What Personal Assets Go to Family Members Without a Will

In Indiana, when no estate plan exists, assets are split between a surviving spouse and children. If the decedent is unmarried and has no children, proceeds go to parents and siblings. And in the absence of living siblings, nieces and nephews receive the inheritance.

“For some people, doing no estate plan is OK because the state laws are fine with them,” says Galbraith. “But in most instances, the state default language isn’t necessarily something that matches what you would like.”

Estate planning can benefit “anyone with at least one financial account,” says Rebecca W. Geyer, a Carmel-based attorney. Significant assets usually warrant more detailed preparations, as do specific family concerns, such as how a divorce or second marriage may affect asset distribution.

An Asset Protection Plan is Worth It

Parents of minor children and those with special needs should have a guardianship plan, including for periods when the parents are temporarily incapacitated, such as during an extended ICU stay. “You’re more likely for a husband and wife to be out of commission during life than for both to die,” says Hawkins. “You can designate guardians in your power of attorney for a [period of] disability, and guardians in your will who handle the children after your death.”

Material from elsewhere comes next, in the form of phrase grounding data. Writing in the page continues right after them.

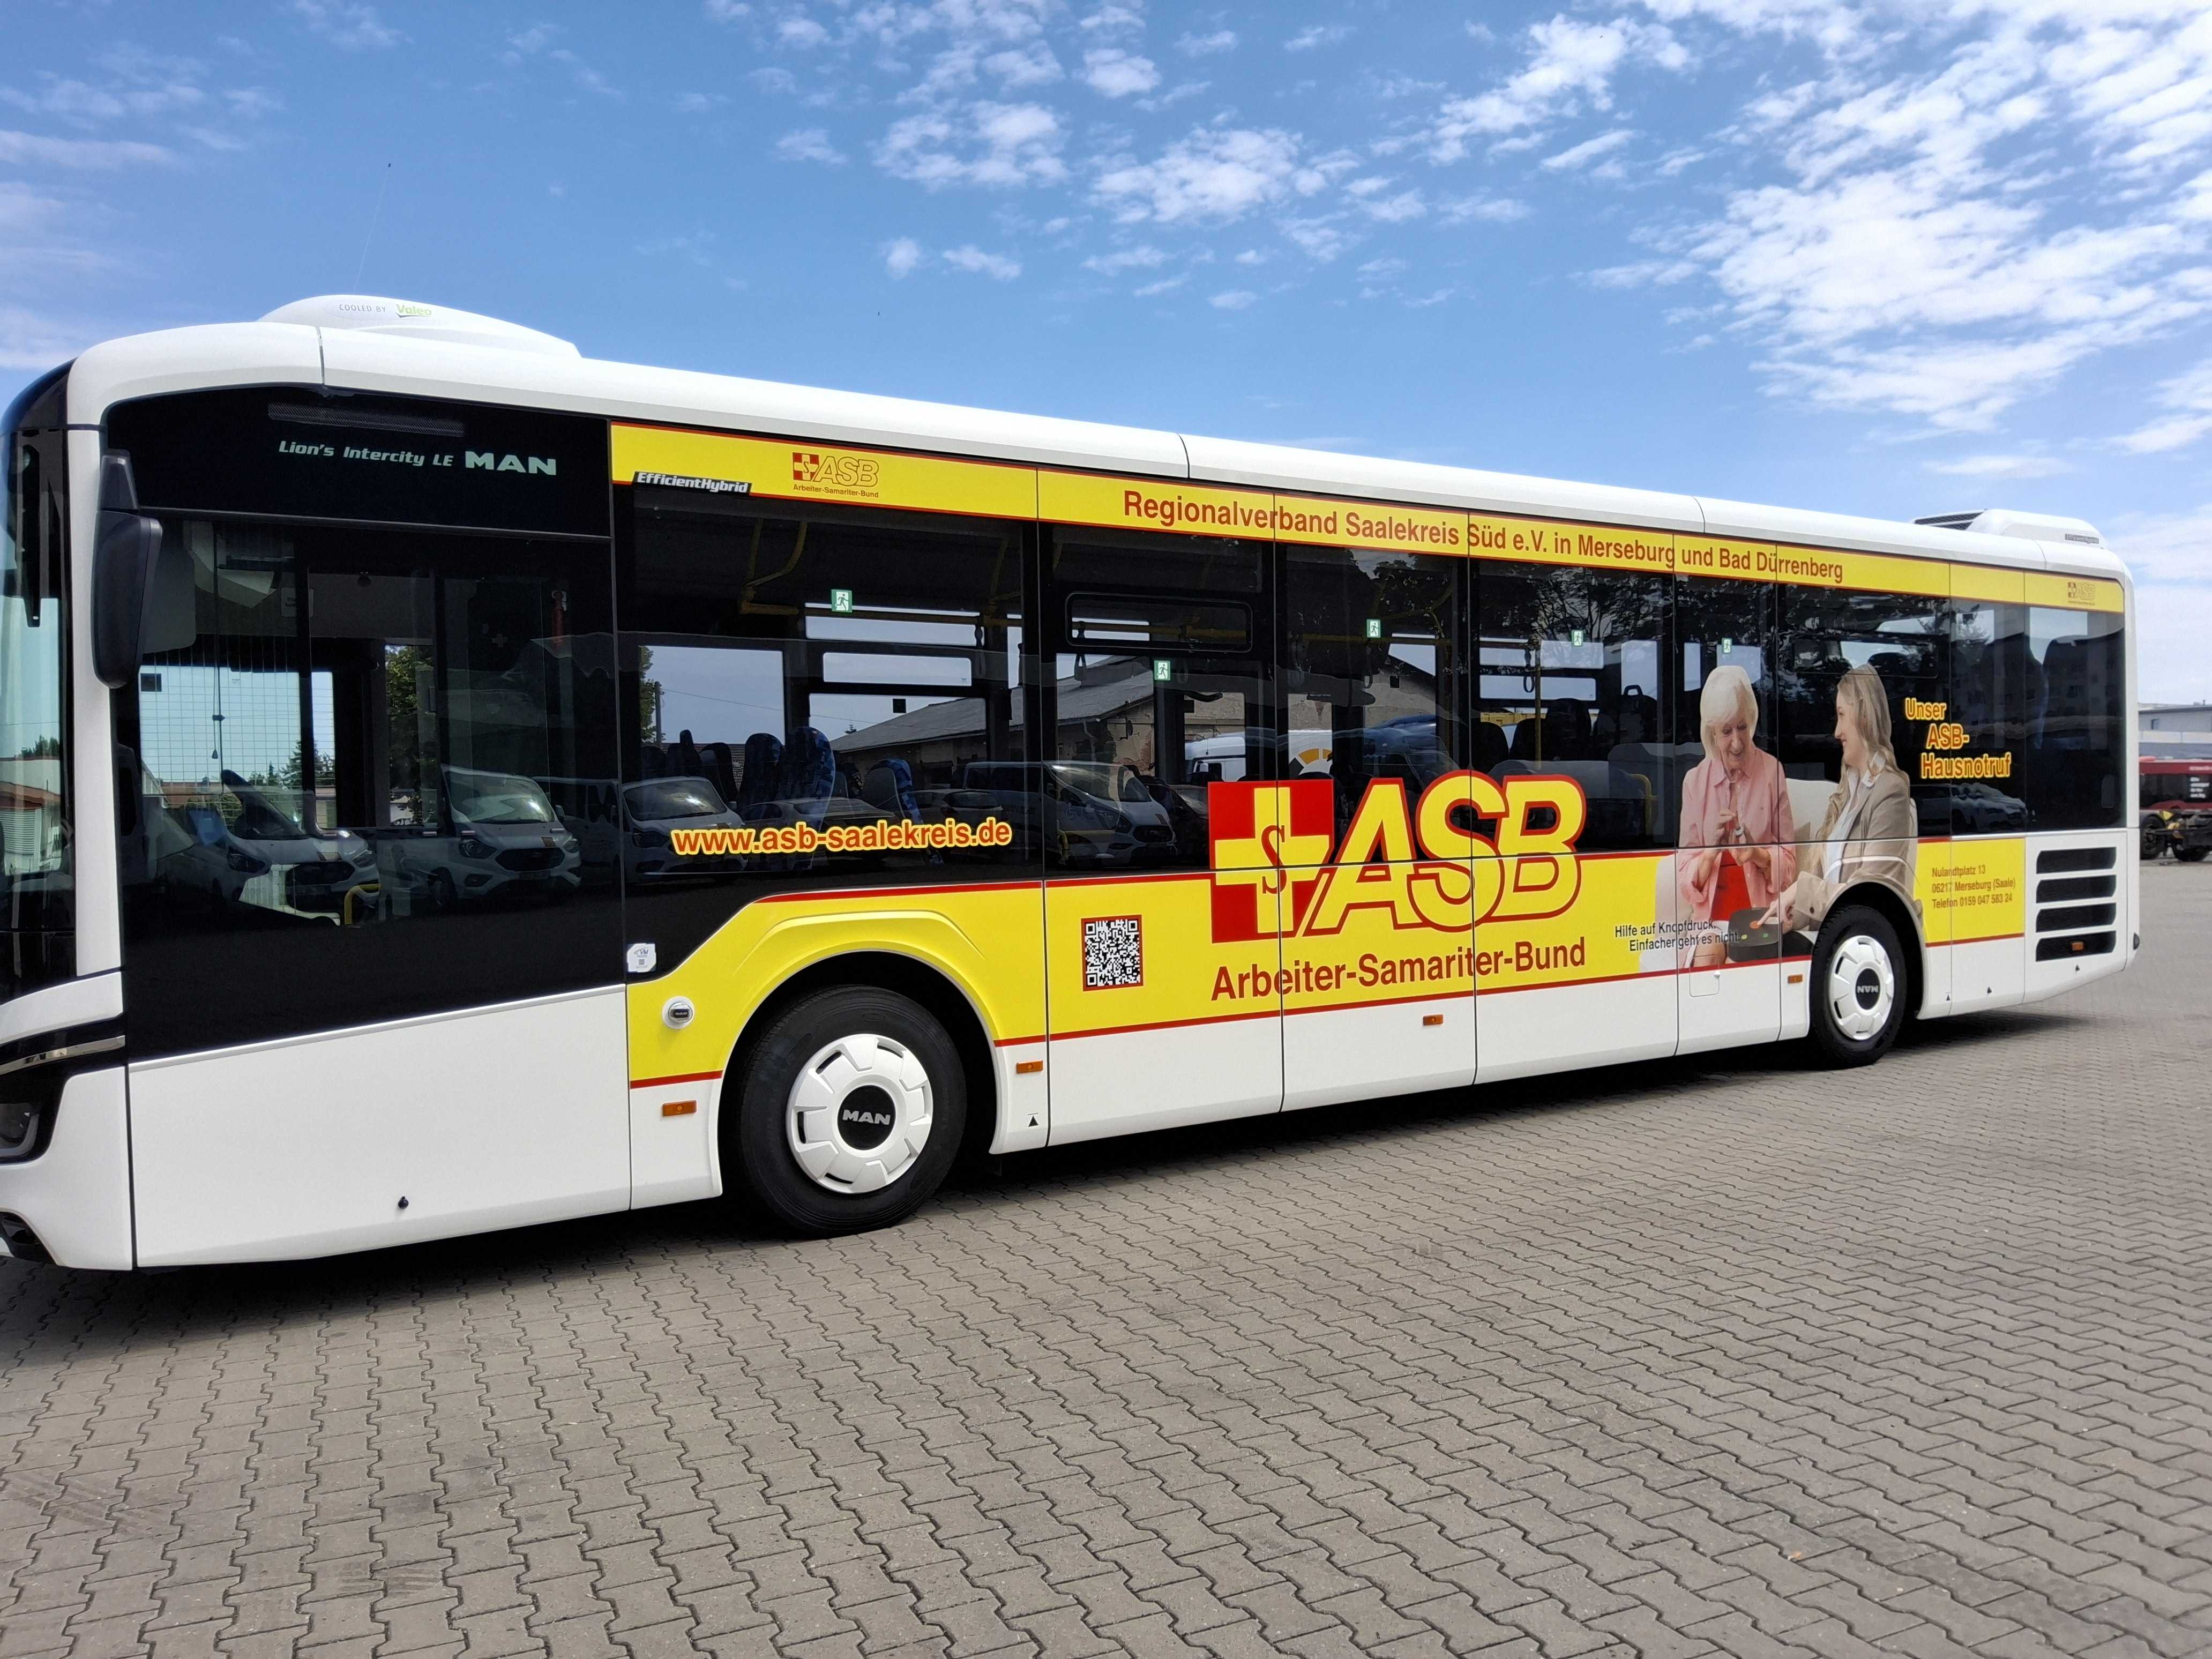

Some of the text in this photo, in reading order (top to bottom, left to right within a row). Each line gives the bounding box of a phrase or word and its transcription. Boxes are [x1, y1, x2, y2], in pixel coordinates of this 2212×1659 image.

[396, 304, 432, 316] Valeo
[279, 440, 454, 466] Lion's Intercity LE
[465, 451, 556, 475] MAN
[812, 455, 879, 487] ASB
[637, 472, 749, 493] EfficientHybrid
[793, 484, 879, 498] Arbeiter-Samariter-Bund
[1124, 490, 1843, 584] Regionalverband Saalekreis Süd e.V. in Merseburg und Bad Dürrenberg
[1905, 698, 1947, 720] Unser
[1926, 723, 1970, 749] ASB-
[1921, 752, 2011, 778] Hausnotruf
[671, 817, 1012, 855] www.asb-saalekreis.de
[1302, 769, 1586, 937] ASB
[1932, 865, 1986, 878] Nulandtplatz 13
[1932, 877, 2016, 893] 06217 Merseburg (Saale)
[1932, 898, 1958, 909] Telefon
[1960, 896, 1976, 907] 0159
[1978, 895, 1990, 905] 047
[2005, 893, 2013, 902] 24
[1615, 920, 1715, 937] Hilfe auf Knopfdruck.
[1630, 930, 1740, 951] Einfacher geht es nicht.
[1210, 936, 1586, 1001] Arbeiter-Samariter-Bund
[1857, 985, 1878, 993] MAN
[842, 1109, 891, 1125] MAN

Ideally, anyone who has a prominent role in your estate should be “healthy, well-balanced, ethical and responsible,” says Hawkins, especially if land is at stake. To simplify planning, parents sometimes name just one child as the beneficiary, with an understanding that the child will later divide the property among siblings. But suppose the inheriting child ends up in financial straits. In such a case, creditors may seize the assets and leave the remaining children empty-handed.  

“It’s important to not only think of who should get things, but how they should get it,” Hawkins says. “Should there be some trust arrangement that protects the property until distribution so that everyone gets their share instead of it being tied up with one person’s drama?”

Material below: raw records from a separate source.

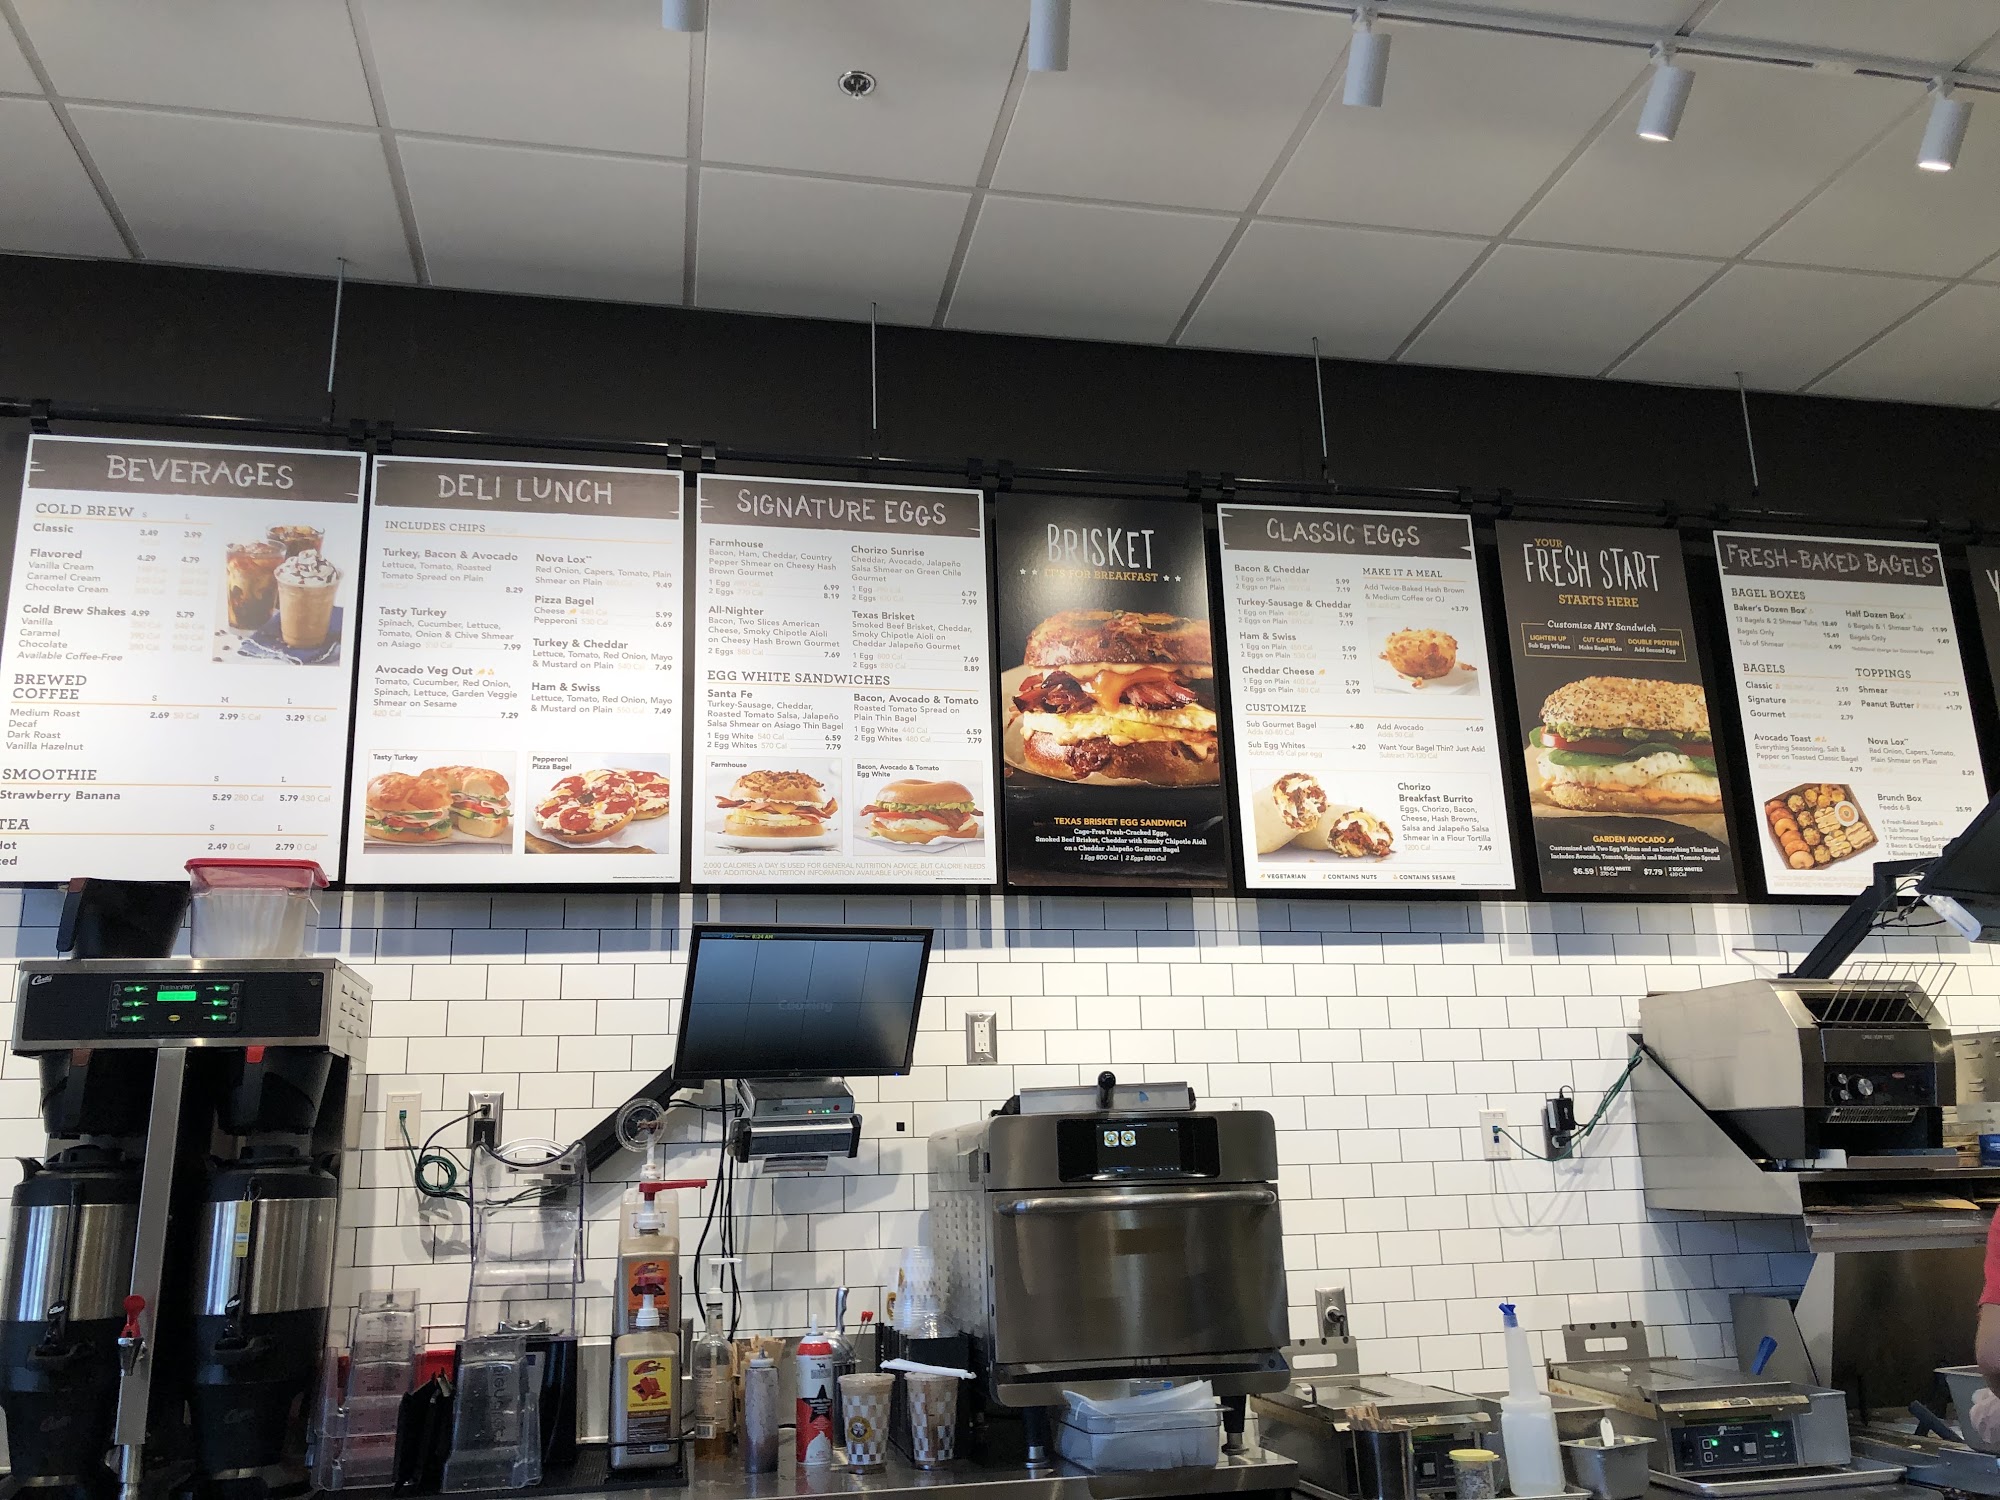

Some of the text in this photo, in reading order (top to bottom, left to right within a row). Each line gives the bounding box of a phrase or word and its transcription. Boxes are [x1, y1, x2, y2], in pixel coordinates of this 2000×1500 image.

[106, 454, 294, 489] BEVERAGES
[438, 474, 612, 504] DELI LUNCH
[36, 503, 134, 516] COLD BREW
[737, 489, 945, 526] SIGNATURE EGGS
[33, 523, 73, 532] Classic
[385, 520, 446, 531] INCLUDES
[449, 523, 485, 532] CHIPS
[1266, 518, 1419, 547] CLASSIC EGGS
[709, 538, 763, 548] Farmhouse
[1047, 524, 1154, 569] BRISKET
[1534, 538, 1563, 548] YOUR
[30, 548, 82, 558] Flavored
[382, 548, 517, 560] Turkey, Bacon & Avocado
[851, 545, 924, 556] Chorizo Sunrise
[536, 554, 563, 562] Nova
[1726, 543, 1934, 578] FRESH-BAKED BAGELS
[1273, 565, 1309, 573] Cheddar
[1523, 544, 1660, 592] FRESH START
[1731, 588, 1805, 599] BAGEL BOXES
[534, 595, 594, 607] Pizza Bagel
[1558, 594, 1638, 607] STARTS HERE
[23, 604, 125, 616] Cold Brew Shakes
[379, 607, 447, 618] Tasty Turkey
[708, 605, 763, 616] All-Nighter
[852, 610, 914, 620] Texas Brisket
[1547, 620, 1656, 631] Customize ANY Sandwich
[1272, 632, 1296, 640] Swiss
[533, 638, 628, 649] Turkey & Cheddar
[375, 665, 472, 676] Avocado Veg Out
[1242, 666, 1314, 675] Cheddar Cheese
[1743, 663, 1785, 673] BAGELS
[1855, 668, 1911, 678] TOPPINGS
[14, 673, 86, 685] BREWED
[707, 670, 890, 685] EGG WHITE SANDWICHES
[532, 682, 600, 691] Ham & Swiss
[1858, 685, 1887, 693] Shmear
[13, 687, 78, 699] COFFEE
[707, 689, 752, 698] Santa Fe
[854, 694, 885, 704] Bacon,
[889, 695, 930, 704] Avocado
[943, 696, 978, 704] Tomato
[1747, 695, 1786, 704] Signature
[10, 708, 49, 716] Medium
[1246, 704, 1306, 713] CUSTOMIZE
[1750, 709, 1785, 717] Gourmet
[8, 719, 37, 727] Decaf
[895, 714, 916, 723] Bagel
[1247, 720, 1316, 730] Sub Gourmet Bagel
[7, 730, 60, 738] Dark Roast
[1754, 733, 1811, 742] Avocado Toast
[40, 742, 83, 750] Hazelnut
[2, 768, 96, 780] SMOOTHIE
[1397, 782, 1430, 790] Chorizo
[0, 790, 120, 801] Strawberry Banana
[1399, 794, 1472, 802] Breakfast Burrito
[1573, 867, 1594, 875] $6.59
[1644, 868, 1663, 876] $7.79

Failing to account for family dynamics and personalities can complicate matters. If siblings do not get along in the present, conflicts will almost certainly worsen when emotions run high and money is at stake. “It is not reasonable to name all of your children to serve as health care representatives or executors if they cannot work together,” says Geyer.

Another common mistake is assuming the legal document circumvents probate. “Wills do not avoid probate; wills guarantee probate,” says Galbraith. “For a will to be authenticated, valid and effective, it has to be probated.” Revocable living trusts can bypass probate issues, but it requires strict compliance and attention to detail to appropriately title all assets and accounts to the trust.

It’s wise to review your estate planning documents at least every three years. Unfortunately, most people wait decades between updates, says Galbraith. “An estate plan is as good as the time when you create it,” he says. “When tax laws, family situations or your intent change, those documents don’t just automatically change.”

The Tax Impact

Comprehensive estate planning should minimize tax repercussions. While the current federal estate tax exemption allows individuals to pass $12 million tax-free, that will be halved in 2022. “For high-net-worth clients, we’ve been doing trusts to lock in that $12 million exemption before it goes down,” says Galbraith.

Separately, individuals can gift $16,000 per year per person. They can also pay an unlimited amount of educational and medical expenses on behalf of others, including non-relatives, so long as it is paid directly to the institution or provider. None of these funds are taxable, nor do they count toward the federal estate tax exemption.